EXERCISE>
Each line of the material must be repeated precisely, with the pictures left out.

PROVIDED MATERIAL>
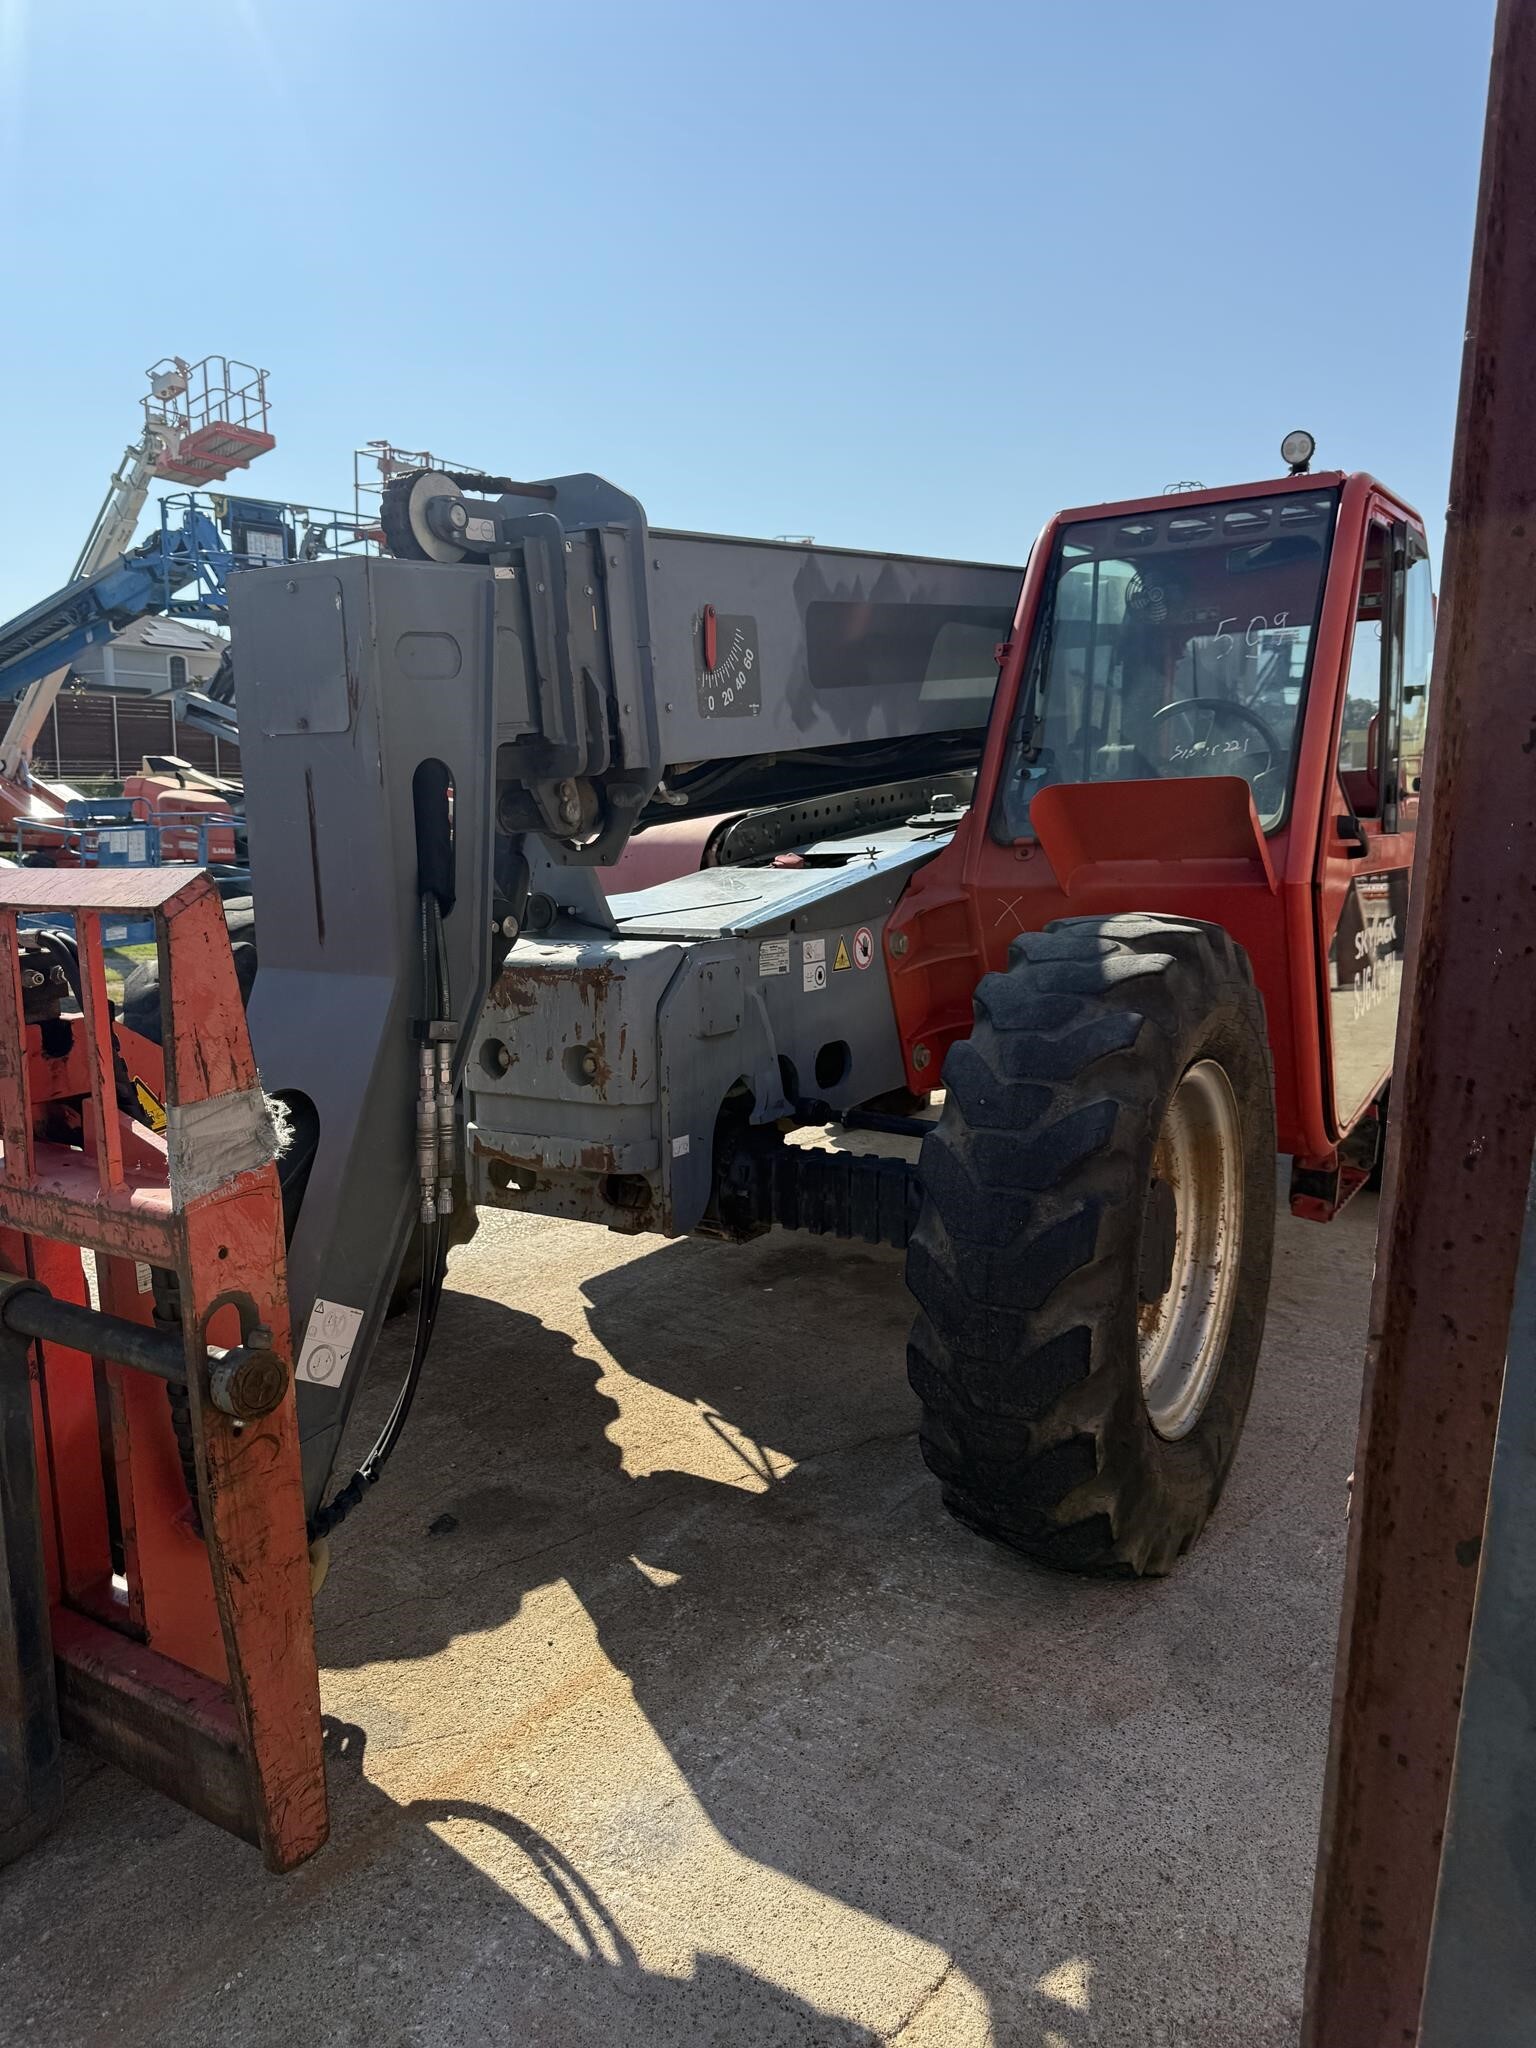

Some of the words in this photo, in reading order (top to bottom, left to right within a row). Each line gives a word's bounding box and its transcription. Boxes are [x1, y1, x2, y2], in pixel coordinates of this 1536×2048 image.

[708, 695, 715, 711] 0
[722, 687, 734, 706] 20
[735, 671, 746, 690] 40
[743, 648, 754, 670] 60

FINAL ANSWER>
Some of the words in this photo, in reading order (top to bottom, left to right within a row). Each line gives a word's bounding box and its transcription. Boxes are [x1, y1, x2, y2], in pixel coordinates of this 1536×2048 image.

[708, 695, 715, 711] 0
[722, 687, 734, 706] 20
[735, 671, 746, 690] 40
[743, 648, 754, 670] 60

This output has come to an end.